Valentina Gueorguiévna se fijó en ella y reconoció a la responsable de los carreteros que había ido a buscar una certificación.
-Sí, sí, es la de las obras – prosiguió la joven-. ¿Otra vez viene a pedir carros?
-No, no... ¿Cómo se llama usted? ¿Olga, no es así?
-Sí – respondió la joven, riendo-. Con la de gente que la visita, y se ha acordado de mi nombre... Le presento a mi marido, Aléxei. No le tema. Sólo el aspecto tiene un poco fiero. En realidad es muy pacífico. Esta es la abuela.
Alexéi, que tendría unos veintidós años, si bien había adquirido ya maneras propias de un jefe de familia, dejó el plato y dijo:
-¿No te das cuenta que viene de camino? Primero dale de comer y luego charla lo que quieras.

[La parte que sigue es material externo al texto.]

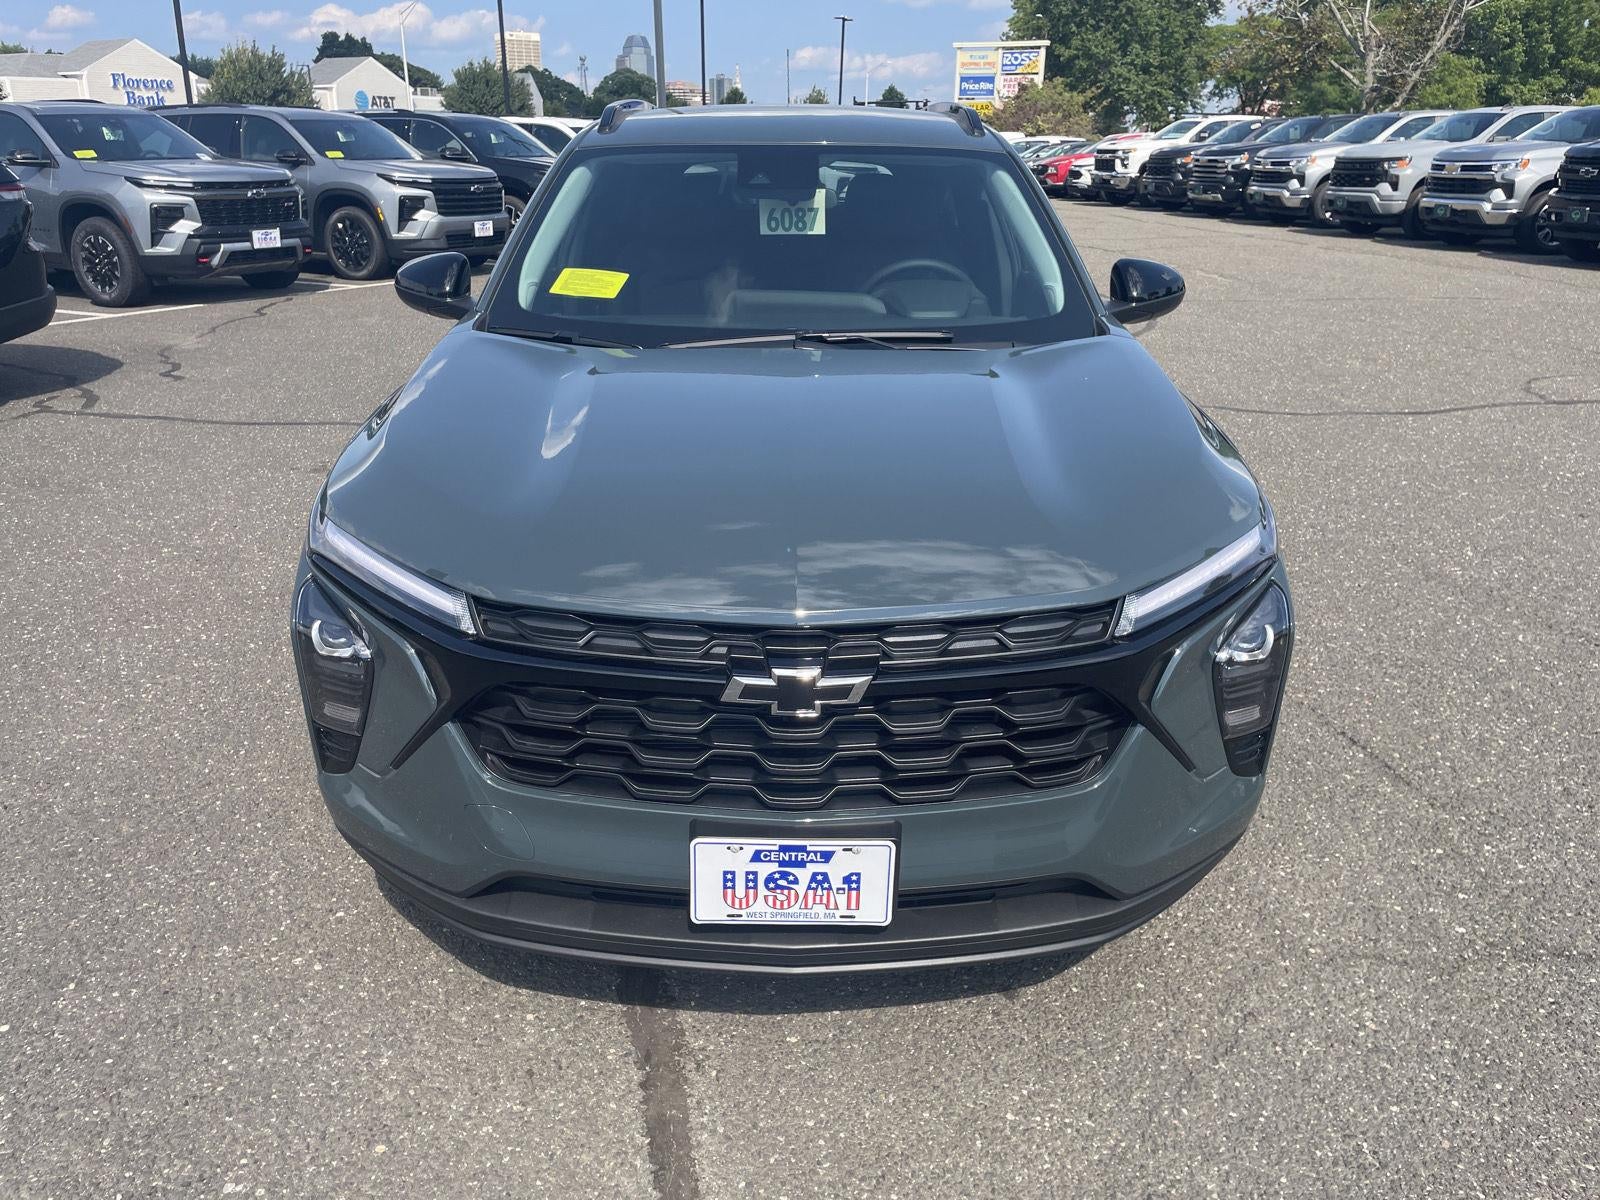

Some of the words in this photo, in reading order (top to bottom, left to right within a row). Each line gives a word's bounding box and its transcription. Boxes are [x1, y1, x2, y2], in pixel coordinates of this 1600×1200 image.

[110, 72, 175, 90] Florence
[125, 90, 165, 105] Bank
[370, 95, 396, 109] AT&T
[766, 207, 820, 232] 6087
[760, 851, 825, 862] CENTRAL
[746, 911, 768, 919] WEST
[769, 911, 822, 920] SPRINGFIELD,

-No, no... Muchas gracias... – respondió Valentina Gueorguiévna, temerosa de que los dueños hicieran caso de sus palabras.
Mas la vieja ya había sacado de la alacena un plato antiguo, procurando no rozar tazas y copitas. Olga se apoyó contra el pecho una hogaza de pan y cortó unos trozos grandes y prososos.
-¿Qué la trae por aquí? – preguntó esta última.
-Me he extraviado. He de ir a “La espiga”.
-Necesita ir a “La espiga” y nosotros somos del “Vía nueva”. ¡La vuelta que ha dado usted! –exclamó la anciana desde la cocina.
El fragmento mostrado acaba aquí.